Who is going to win the Giro d’Italia? It’d be boring if we all knew today and hopefully the race brings a few surprises along the way. Here’s a closer look at the contenders for the maglia rosa ahead of the start on Friday.
Tom Dumoulin wasn’t the obvious pick a year ago but finished the Giro as the uncontested winner, able to stop for a break during a crucial mountain stage and still stay in control. He returns to a course that suits him well because if there are fewer time trial KMs than last year there are also more gradual climbs. He’s got a stronger Sunweb team with Laurens ten Dam and Sam Oomen bringing support in the high mountains although they’re hardly Sky or Astana and will piggyback off the bigger squads. There are questions over the Limburger’s form, he said his winter was too hectic with sponsorship and media commitments and he’s had a start to the season more notable for mechanicals and crashes than results or just reassurance although 15th in Liège was something for supporters to cheer. Anyway he was discreet until the Blockhaus last year too so it leaves us to judge him based on last year’s race, the ability is there, the course suits and the team is better than ever but only time will tell what he does.
Chris Froome comes not so much with baggage but small print, to cite him is to mention the still unresolved matter of his excess salbutamol test from the 2017 Vuelta, a Damoclean sword hanging by a procedural thread. The case could be heard in the coming weeks and were the verdict to go against him he could be plucked out of the Giro mid-race; or if he finishes with the case unresolved then there’s a “pending” asterisk given WADA rules say normally an athlete loses all results following the date of the positive test although there’s some grey area wording in the clause too, adding a new meaning to the Giro’s Trofeo Senza Fine or “trophy without an end”. We get into procedural matters of molecules, milligrams and the WADA Code rather than talking about form, the course or the strength of his team. None of this deters Froome much, he may not have big charisma but seems to have a steely heart… but we’ll see how the lungs cope in pollen season. He was strong in the recent Tour of the Alps where he matched the others on the climbs. This has become his modus operandi: it’s in the time trials that he won the Tour de France and Vuelta last year, conceding seconds in summit finishes, gaining minutes in the time trials. Sky bring a strong team to a race they’ve long struggled to master. Wout Poels should be a Plan B but after returning to racing following his Paris-Nice crash he looked well off the pace in the Ardennes but unless he’s ready Sky surely won’t have picked him while Sergio Henao is another capable of the top-10 but likely to ride for Froome.

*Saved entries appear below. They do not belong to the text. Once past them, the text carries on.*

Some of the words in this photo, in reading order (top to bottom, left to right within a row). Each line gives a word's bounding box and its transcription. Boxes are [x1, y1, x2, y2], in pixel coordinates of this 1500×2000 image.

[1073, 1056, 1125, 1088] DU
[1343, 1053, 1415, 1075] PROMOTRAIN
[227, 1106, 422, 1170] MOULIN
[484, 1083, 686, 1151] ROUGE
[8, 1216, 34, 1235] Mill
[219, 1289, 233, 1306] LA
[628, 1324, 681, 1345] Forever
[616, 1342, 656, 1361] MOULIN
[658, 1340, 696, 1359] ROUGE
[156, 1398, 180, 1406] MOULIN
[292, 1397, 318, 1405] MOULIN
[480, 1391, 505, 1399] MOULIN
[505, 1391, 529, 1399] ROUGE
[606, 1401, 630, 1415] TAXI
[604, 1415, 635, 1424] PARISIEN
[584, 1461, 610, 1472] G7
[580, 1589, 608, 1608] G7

Miguel Ángel López only recently turned 24 and leads Astana. That’s quite some promotion but he deserves it, he won the Tour de Suisse aged 22 and rode the Vuelta last year, completing his first grand tour, taking two stages on his way to eighth overall, salvaging a season ruined by breaking his leg the previous winter and then his hand mid-summer. Two stages and another top-10, ideally a top-5 look very achievable this May and he was strong in the recent Tour of the Alps. He’s an aggressive rider, a ball of muscle rather than the old stereotype of a Colombian waif but all the same he’s at a disadvantage in the long time trials, something he’ll address with time but not this month. Astana bring a very strong team in support, not the kind to flood the top-10 overall but capable of stage wins if they get a ticket to ride for themselves but combined they could try an ambush or a hold-up.

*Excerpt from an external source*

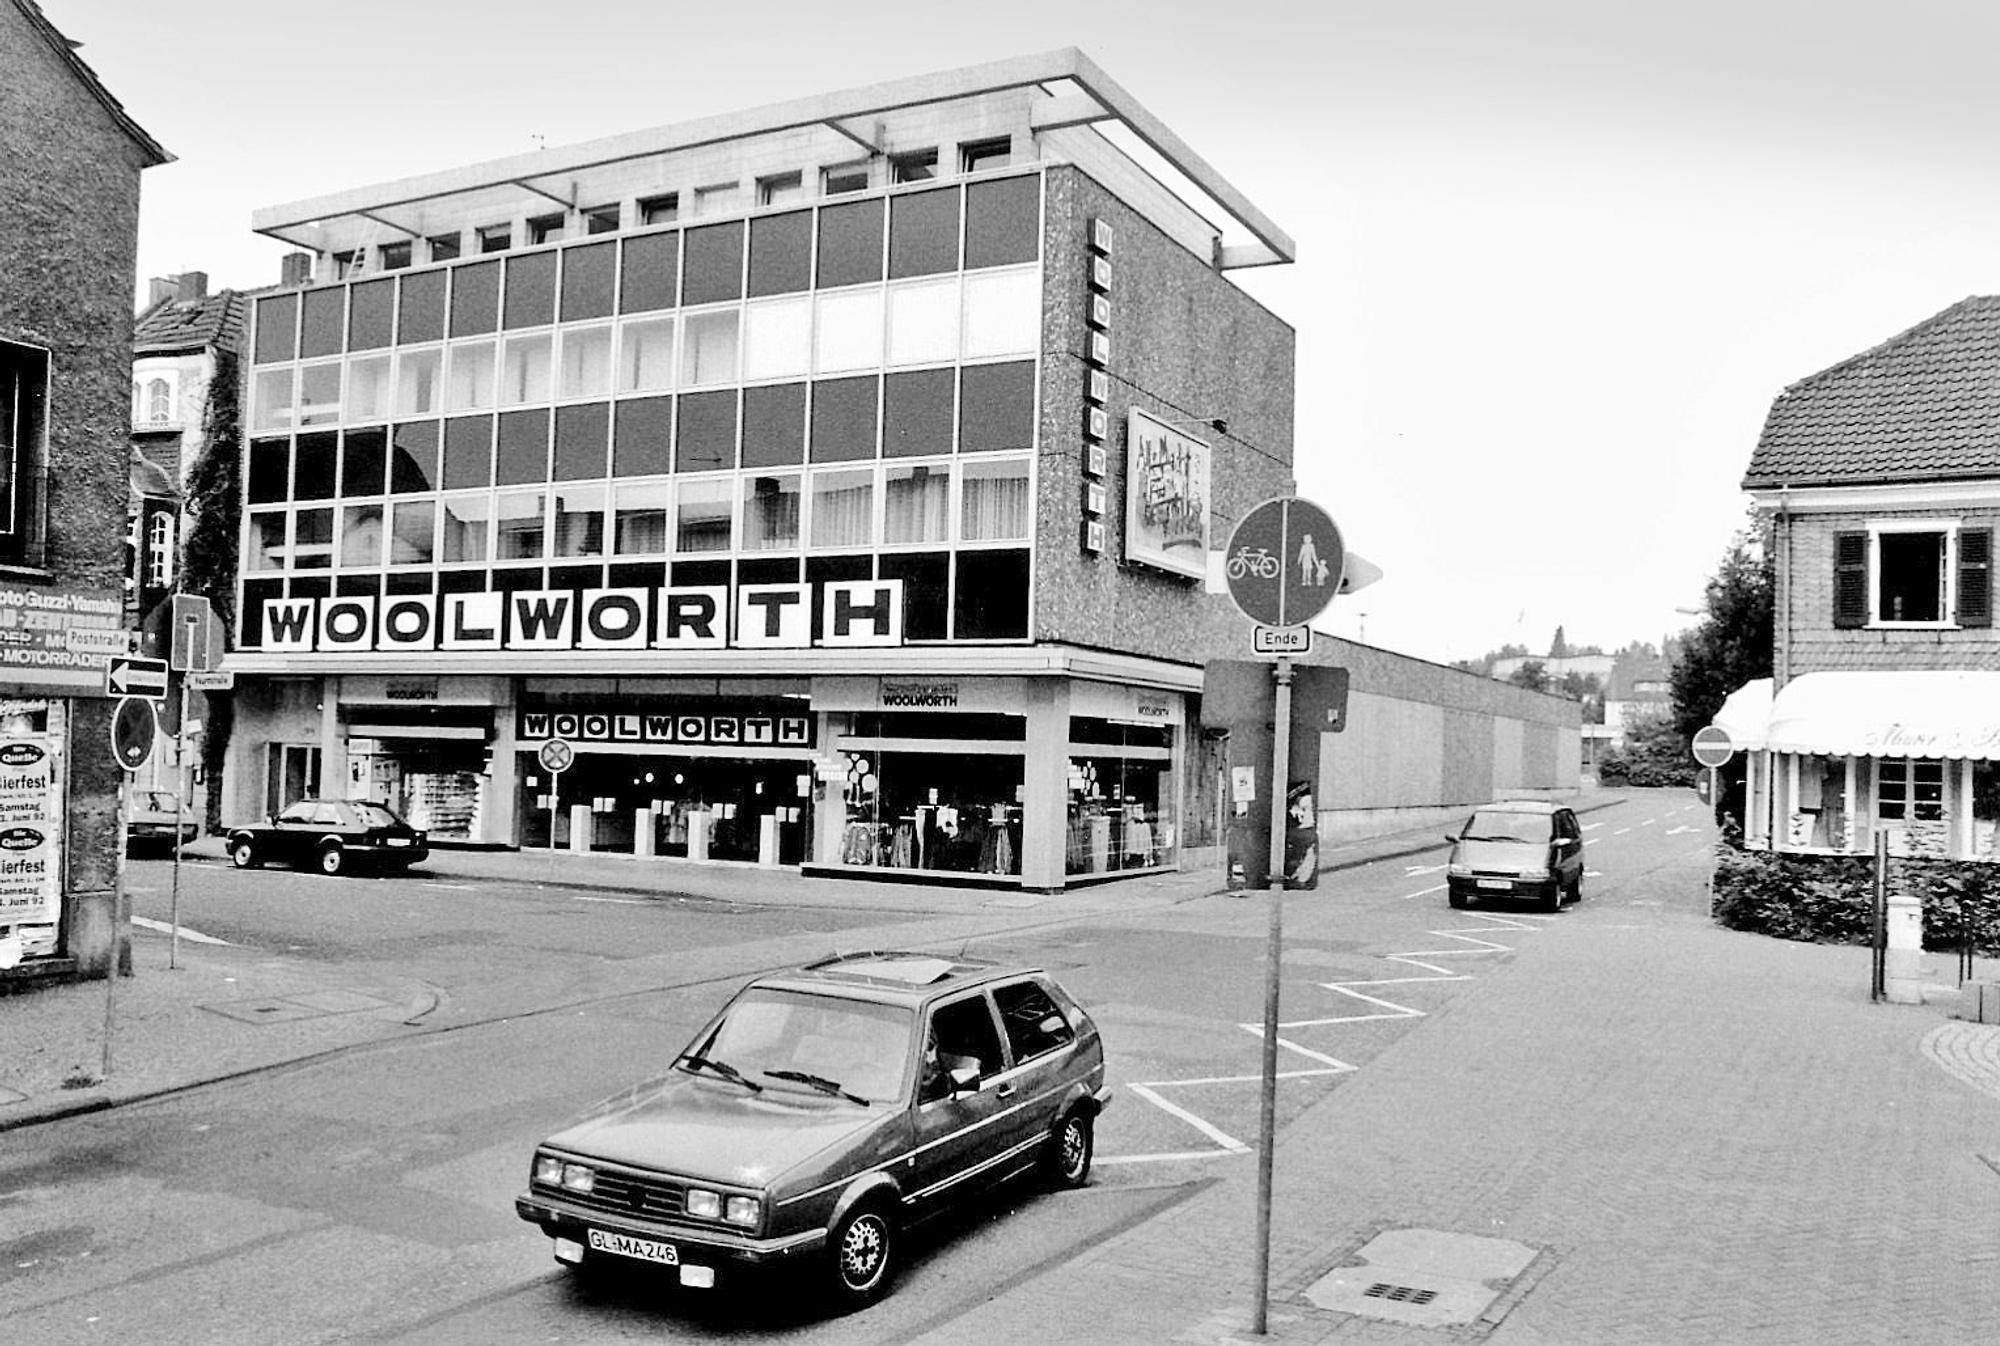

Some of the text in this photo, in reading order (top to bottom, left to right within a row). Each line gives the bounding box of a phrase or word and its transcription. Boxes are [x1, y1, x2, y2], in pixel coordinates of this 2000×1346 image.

Thibaut Pinot has just won the Tour of the Alps and returns to the Giro looking to improve on last year’s fourth overall with a stage win. He’s the compromise pick, often better than most of the pure climbers in the time trials and possibly superior to the likes of Froome and Dumoulin in the mountains although can he be consistent across the three weeks? The opening stage is crucial, we’ll quickly learn if he can keep sight of Dumoulin and Froome while distancing the pure climbers. Like Froome he’s down for the Tour de France and probably like him he just wants to win this and worry about July later on. In recent years he’s progressed a lot in time trials – national champion in 2016 – but struggled in the Giro’s two chrono stages last year. The course suits him, excepting the Zoncolan, as some of the long climbs allow him to distance his rivals and time trial away. He’s got a sprint in his legs sometimes too which can help harvest time bonuses, this helped him win the recent Tour of the Alps and has the full Groupama-FDJ team in his service.

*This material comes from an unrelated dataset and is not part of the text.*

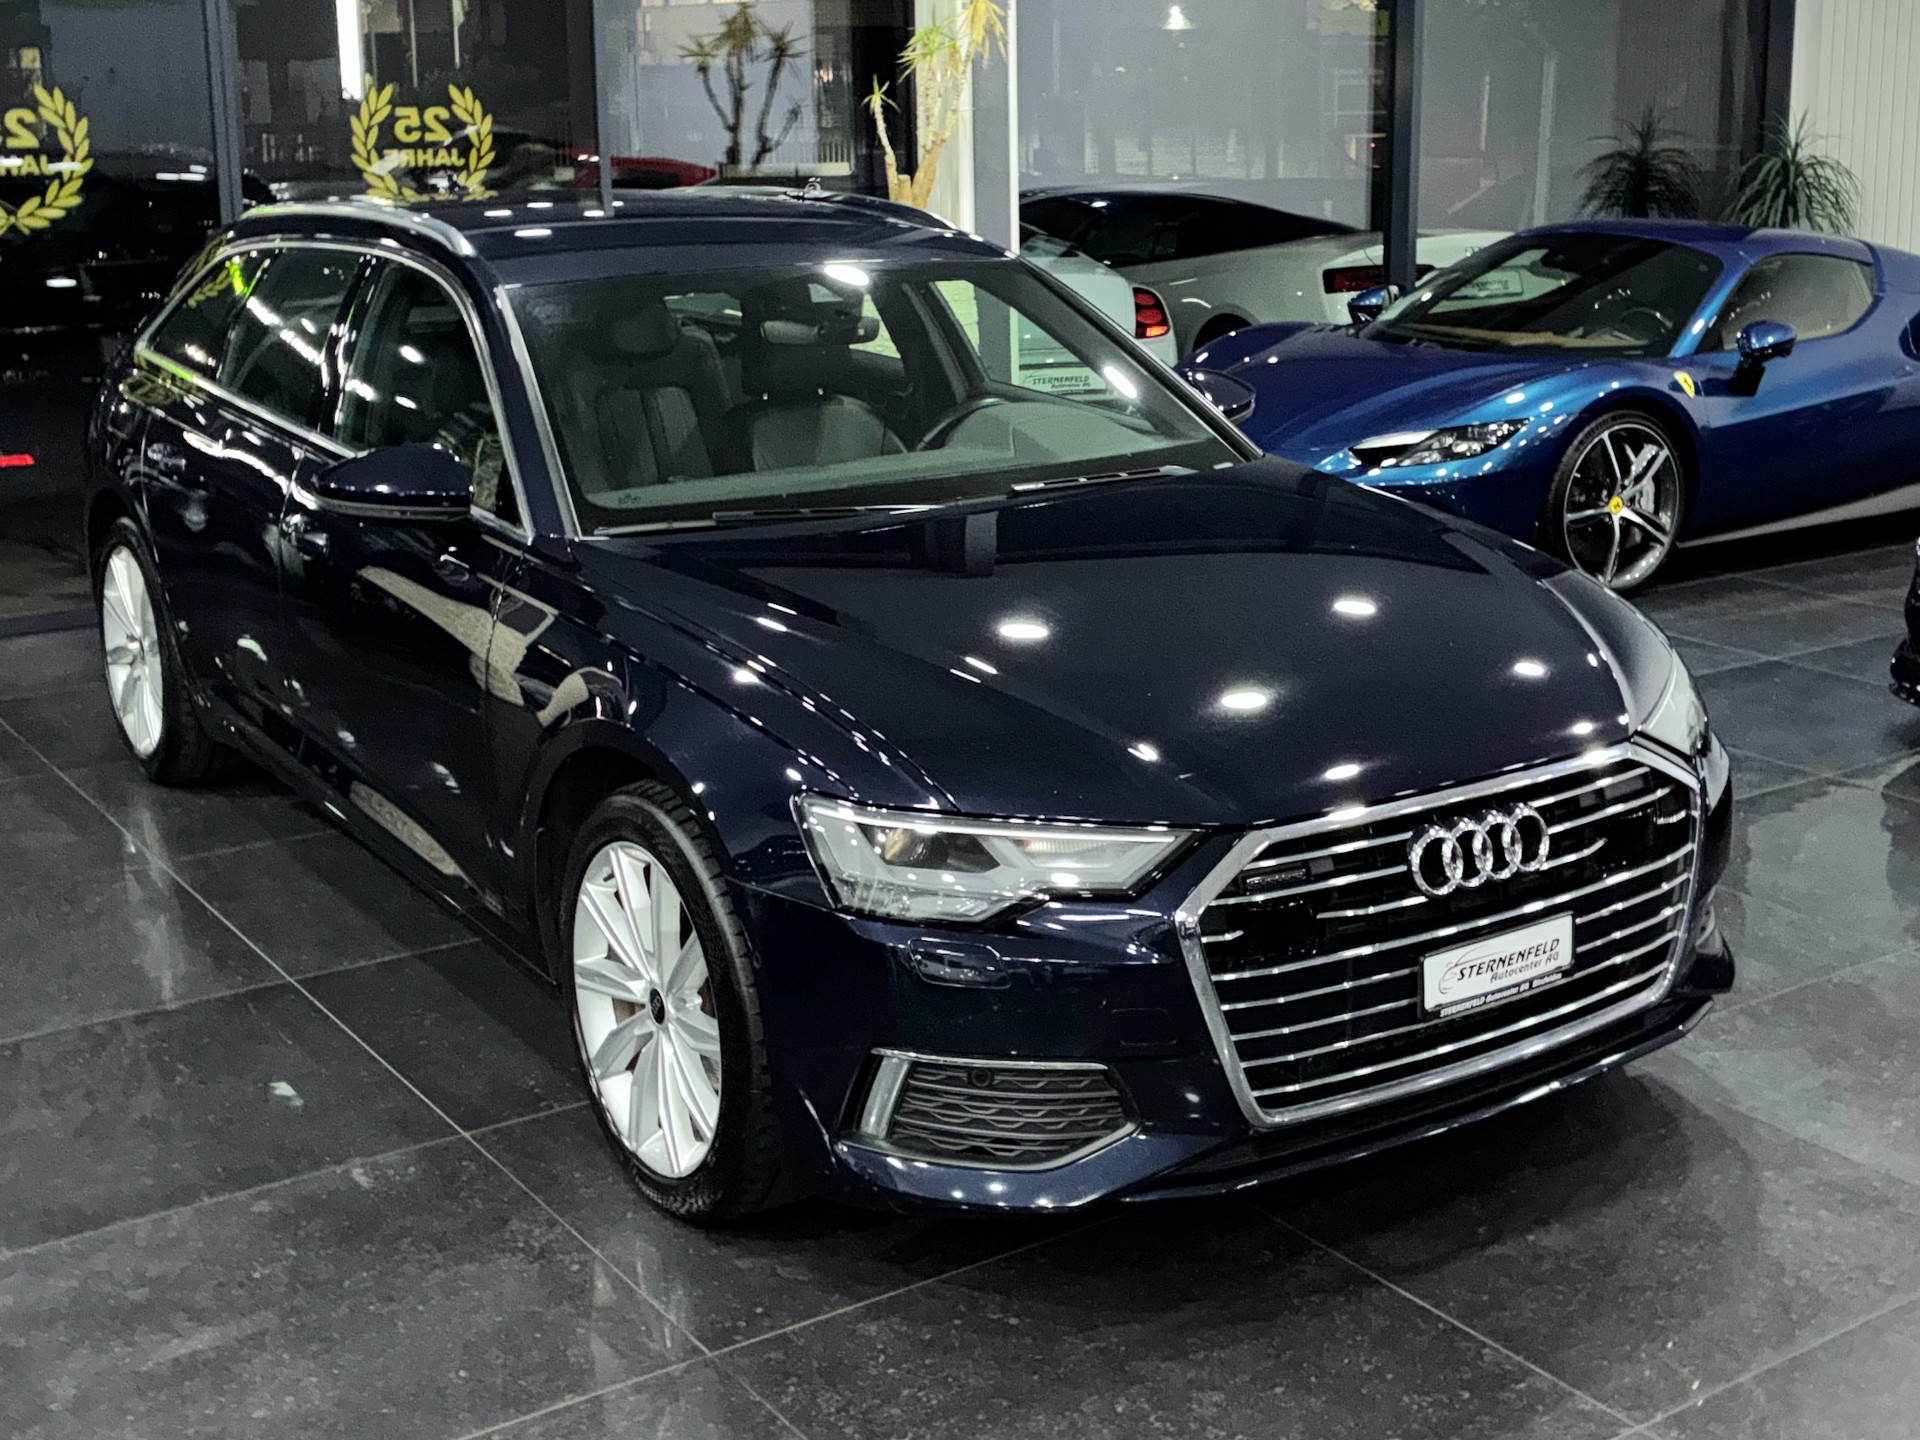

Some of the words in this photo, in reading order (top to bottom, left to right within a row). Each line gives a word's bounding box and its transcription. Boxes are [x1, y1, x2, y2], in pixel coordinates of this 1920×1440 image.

[1457, 938, 1560, 982] STERNENFELD
[1490, 959, 1543, 983] Autocenter
[1545, 951, 1560, 966] AG

Fabio Aru is the national champion and local hope. Third in the 2014 Giro, second in 2015 and winning the Vuelta later that year but since his career trajectory has stalled, he’s only taken three wins since, albeit including a Tour de France summit finish but too often has been the victim of events rather than their master. How can he win the Giro? He struggles in time trials and past performance suggests could easily surrender 2-3 minutes across the two TT stages to Froome and Dumoulin. But this gives him room to jump away on the summit finishes for stage wins and if he can’t conquer the race he can win over the public who will be missing the exploits of Vincenzo Nibali. UAE-Emirates bring a team of stage hunters with Valerio Conti and Diego Ulissi looking for their own chances.
Esteban Chaves is another who hasn’t built on a previous podium finish after finishing second in 2016; the death of a close friend hit him hard mid-summer last year. This lack of results mean he’s off the radar more than he should be but there’s not much to go on and having been away training in Colombia he’s facing a Giro with a route that rarely strays beyond 2,000 metres above sea level. Like others he’ll pay a price in the time trials and if he was tenth in the Paris-Nice TT this was up a long climb, down and then up a sharp climb with only a short flat section at the end so it’s not comparable to the Giro’s courses where turning a 56T chainring counts.
Mitchelton-Scott bring a second leader in Simon Yates who’s a more steady option, more conservative: less likely to soar on a summit finish but with a faster sprint from a group even if he’ll lose time in the time trials too he’s had a more reassuring path to the Giro this year, losing out in Paris-Nice and fourth overall in the Volta a Catalunya. If all goes well either is a plausible podium finisher but it’s the combination of the two that’s interesting, it raises their chances of a stage win plus the inevitable office politics as the media try to establish the pecking order. Jack Haig has the makings a valuable lieutenant in the mountains for this May and more for the future and Roman Kreuziger, still only 31, was strong in the Ardennes.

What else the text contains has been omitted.